The IPMI BMCs complained bitterly about the sinking 12V rail at about 2AM when I was sound asleep.  Luckily, I was due to get up at 4AM that day.  When I tried checking a few things on the Internet, I first noticed I didn’t have a link to the Internet.  Look up at the switch in my room and saw the link LED for the cluster was out.

At that point, some choice words were quietly muttered, and I wandered downstairs with multimeter in hand to investigate.  The batteries had been drained to 4.5V!!!

I immediately performed some load-shedding (ripped out all the nodes’ power leads) and power-cycled the mains PSU.  That woke the charger up from its slumber, and after about 30 seconds, there was enough power to bring the two Ethernet switches in the rack online.  I let the voltage rise a little more, then gradually started re-connecting power to the nodes, each one coming up as it was plugged in.

The virtual machine instances I had running outside OpenNebula came up just fine without any interaction from me, but  it seems OpenNebula didn’t see it fit to re-start the VMs it was responsible for.  Not sure if that is a misconfiguration, or if I need to look at an alternate solution.

Truth be told, I’m not a fan of libvirt either… overly complicated for starting QEMU VMs.  I might DIY a solution here as there’s lots of things that QEMU can do which libvirt ignores or makes more difficult than it should be.

Anyway… since that fateful night, I have on two occasions run the cluster from solar without incident.  On the off-chance though, I have an alternate charger which I might install at some point.  The downside is it doesn’t boost the 12V input like the other one, so I’d be back to using that Xantrex charger to charge from mains power.

Already, I’m thinking about the criteria for selecting a power source.  It would appear there are a few approaches I can take, I can either purely look at the voltages seen at the solar input and on the battery, or I can look at current flow.

Voltage wise, I tried measuring the solar panel output whilst running the cluster today.  In broad daylight, I get 19V off the panels, and at dusk it’s about 16V.

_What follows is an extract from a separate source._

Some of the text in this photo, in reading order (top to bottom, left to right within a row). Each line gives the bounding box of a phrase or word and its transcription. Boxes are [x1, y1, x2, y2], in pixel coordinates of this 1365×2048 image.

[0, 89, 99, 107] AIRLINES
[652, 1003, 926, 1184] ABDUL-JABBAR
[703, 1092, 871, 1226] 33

Judging from that, having the solar “turn on” at 18V and “turn off” at 15V seems logical.  Using the comparator approach, I’d need to set a reference of 16.5V and tweak the hysteresis to give me a ±3V swing.

However, this ignores how much energy is actually being produced from solar in relation to how much is being consumed.  It is possible for a day to start off sunny, then for the weather to cloud over.  Solar voltage in that case might be sitting at the 16V mentioned.

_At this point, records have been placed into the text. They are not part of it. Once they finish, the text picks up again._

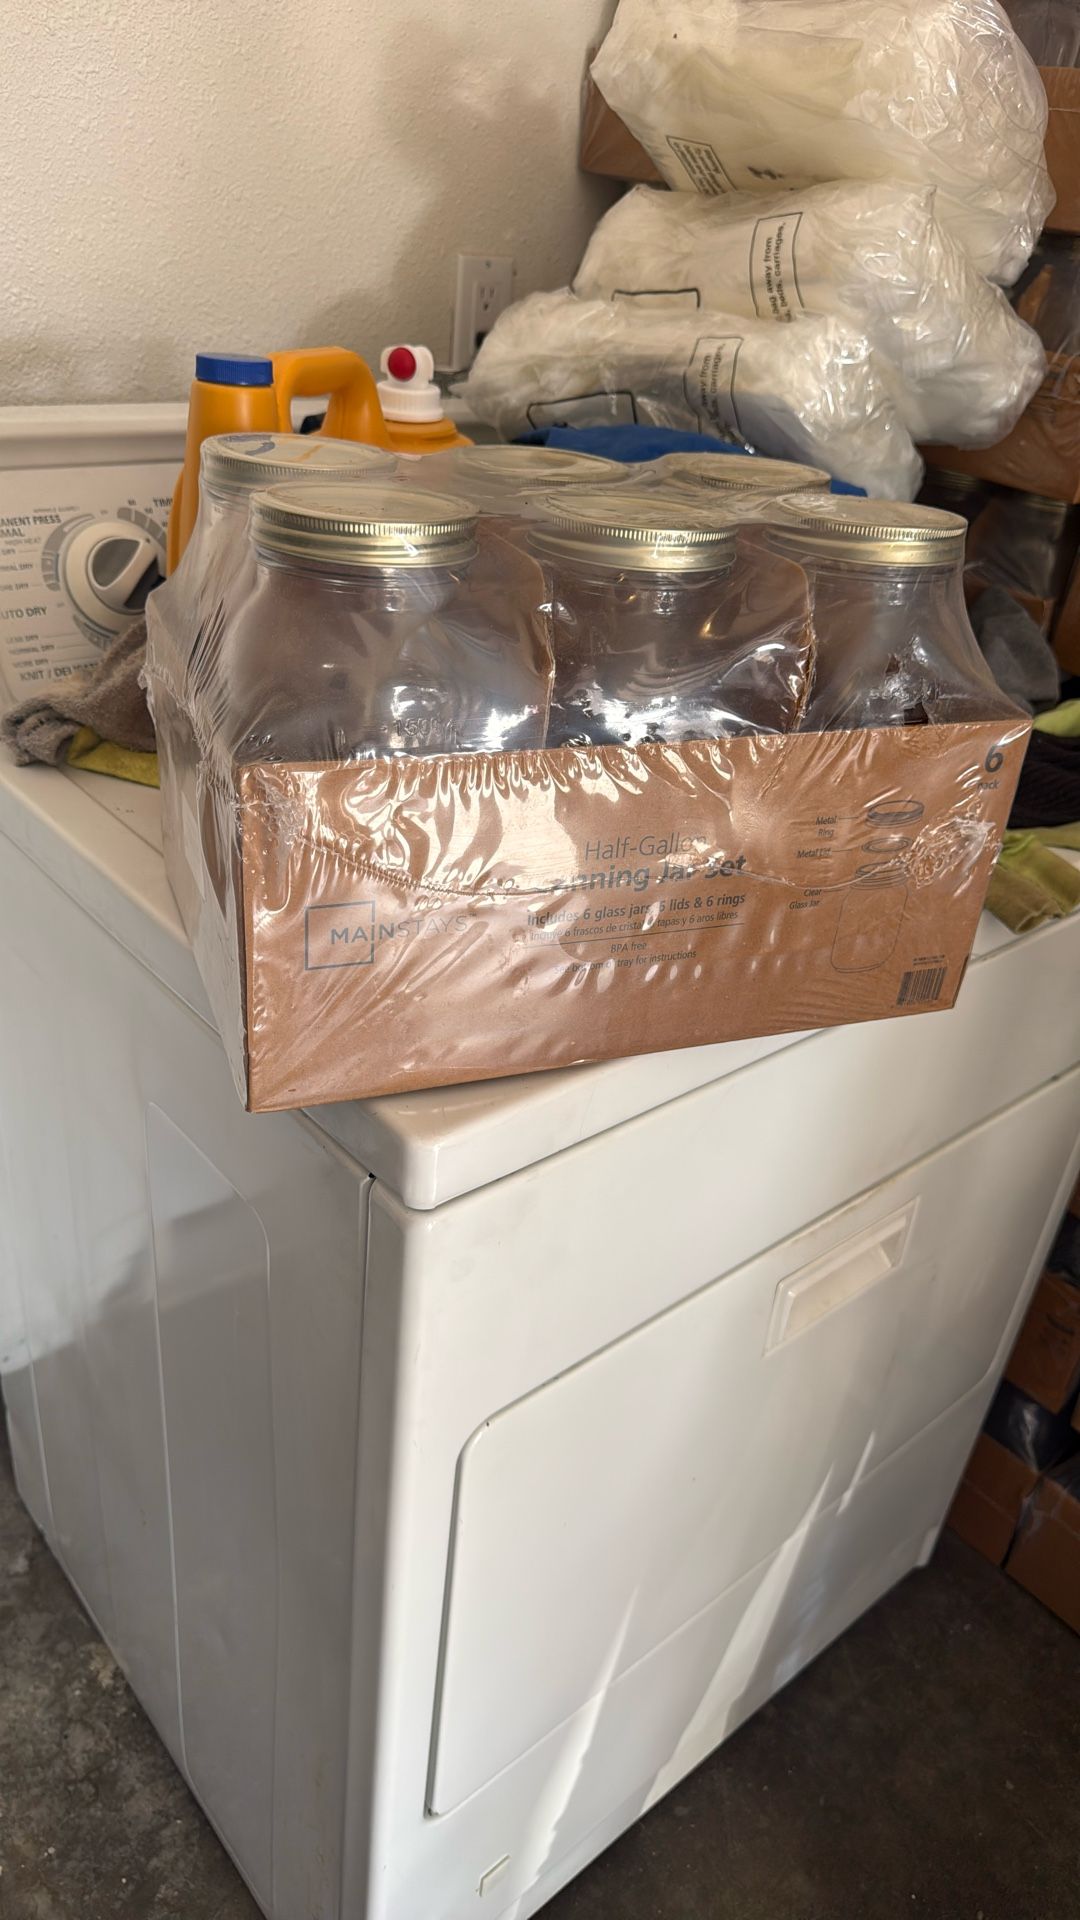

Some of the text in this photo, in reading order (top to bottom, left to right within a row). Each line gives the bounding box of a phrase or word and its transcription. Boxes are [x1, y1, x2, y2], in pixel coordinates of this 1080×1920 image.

[763, 236, 773, 262] from
[764, 265, 774, 294] away
[699, 353, 712, 378] from
[32, 514, 61, 525] PRESS
[25, 606, 47, 617] DRY
[19, 670, 44, 681] KNIT
[985, 744, 1004, 773] 6
[815, 815, 838, 826] Metal
[797, 848, 818, 858] Metal
[803, 888, 822, 898] Clear
[583, 908, 591, 920] 6
[595, 906, 626, 921] glass
[669, 898, 690, 912] lids
[693, 896, 703, 909] &
[706, 895, 714, 907] 6
[717, 893, 746, 908] rings
[789, 901, 808, 910] Glass
[573, 926, 604, 937] frascos
[605, 923, 617, 933] de
[689, 914, 695, 924] 6
[696, 914, 715, 924] aros
[716, 911, 739, 921] libres
[611, 944, 628, 953] BPA
[617, 958, 633, 969] tray
[635, 954, 648, 964] for
[650, 950, 697, 962] instructions
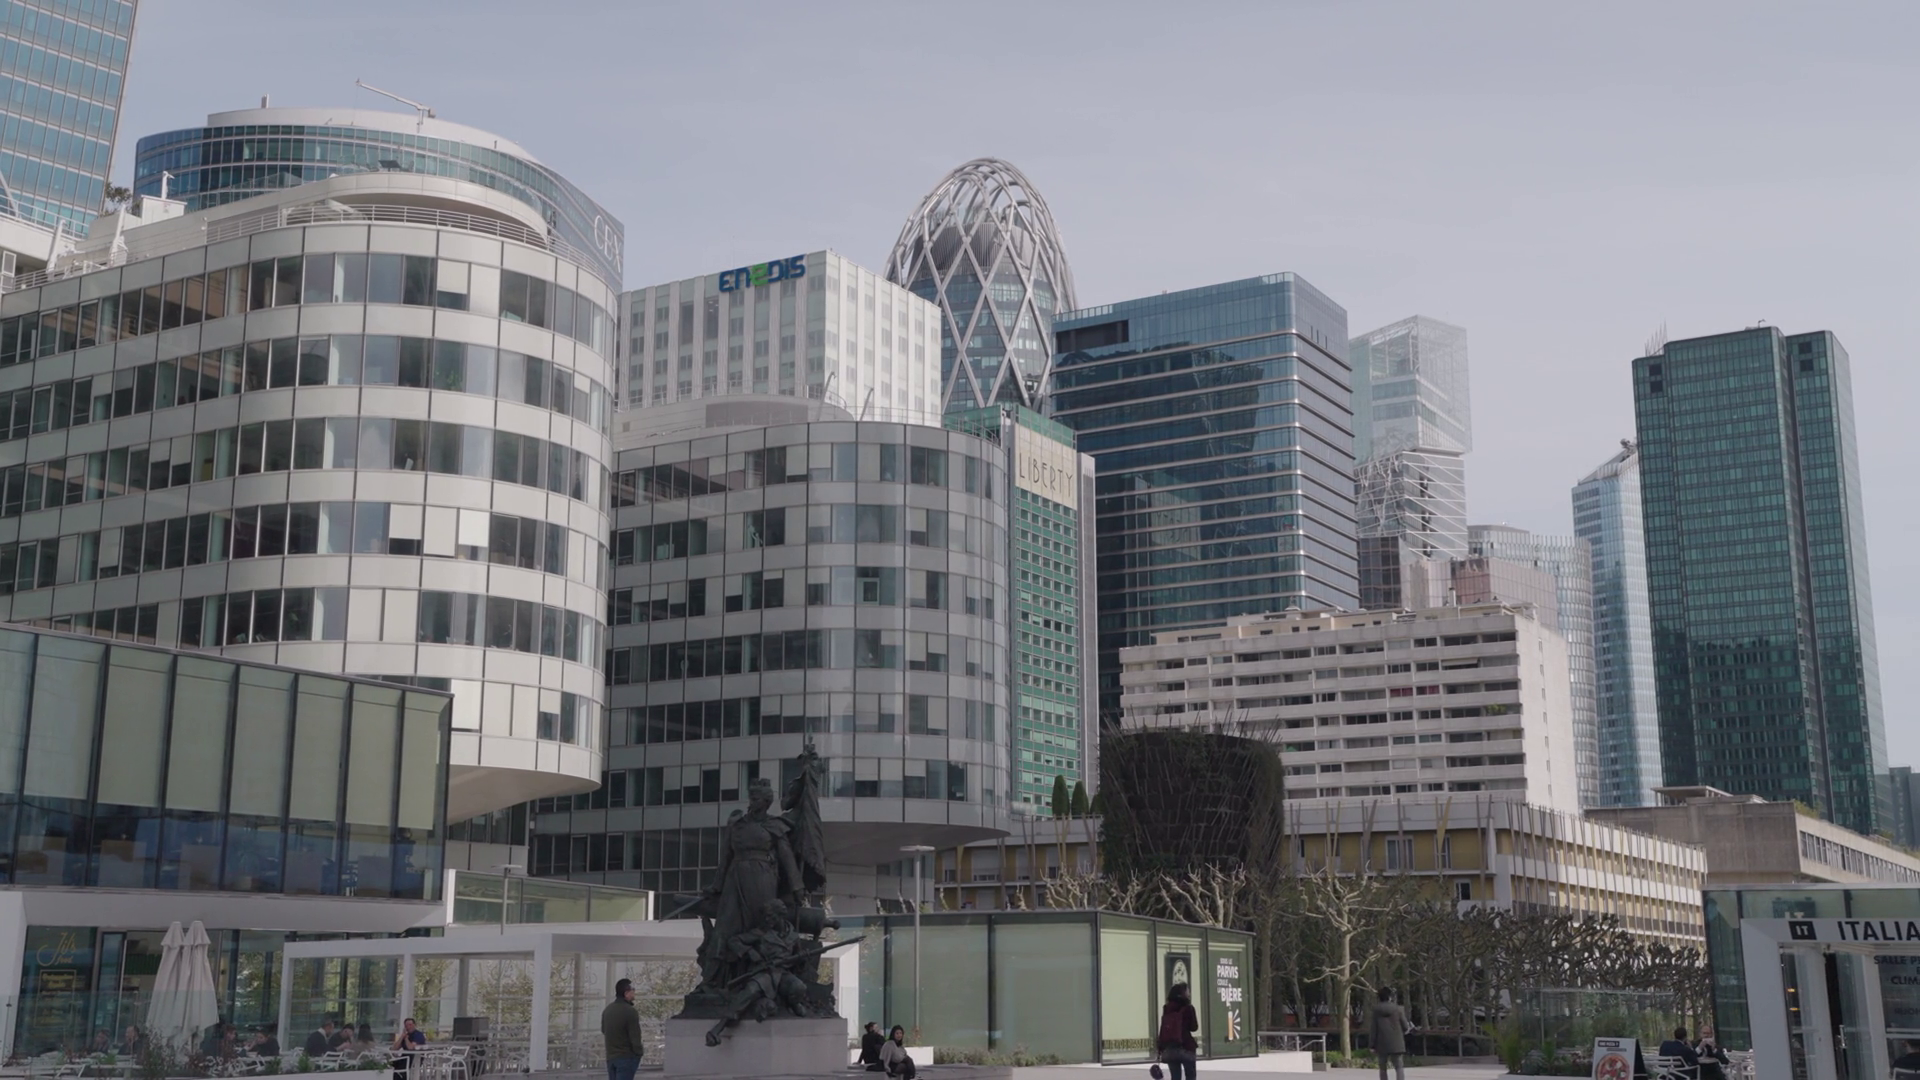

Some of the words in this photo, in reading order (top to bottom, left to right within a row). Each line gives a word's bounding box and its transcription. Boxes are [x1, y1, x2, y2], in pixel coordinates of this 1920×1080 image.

[594, 215, 621, 273] CBX
[1019, 453, 1073, 497] LIBERTY
[1796, 925, 1808, 936] IT
[1874, 955, 1907, 965] SALLE
[1217, 965, 1239, 979] PARVIS
[1221, 984, 1242, 1003] BIÈRE

If the current is too low though, the cluster will drain more power out than is going in, and this will result in the exact conditions I had a few weeks ago: a flat battery bank.  Thus I’m thinking of incorporating current shunts both on the “input” to the battery bank, and to the “output”.  If output is greater than input, we need mains power.

There’s plenty of literature about interfacing to current shunts.  I’ll have to do some research, but immediately I’m thinking an op-amp running from the battery configured as a non-inverting DC gain block with the inputs going to either side of the current shunt.

Combining the approaches is attractive.  So turn on when solar exceeds 18V, turn off when battery output current exceeds battery input current.  A dual op-amp, a dual comparator, two current shunts, a R-S flip-flop and a P-MOSFET for switching the relay, and no hysteresis calculations needed.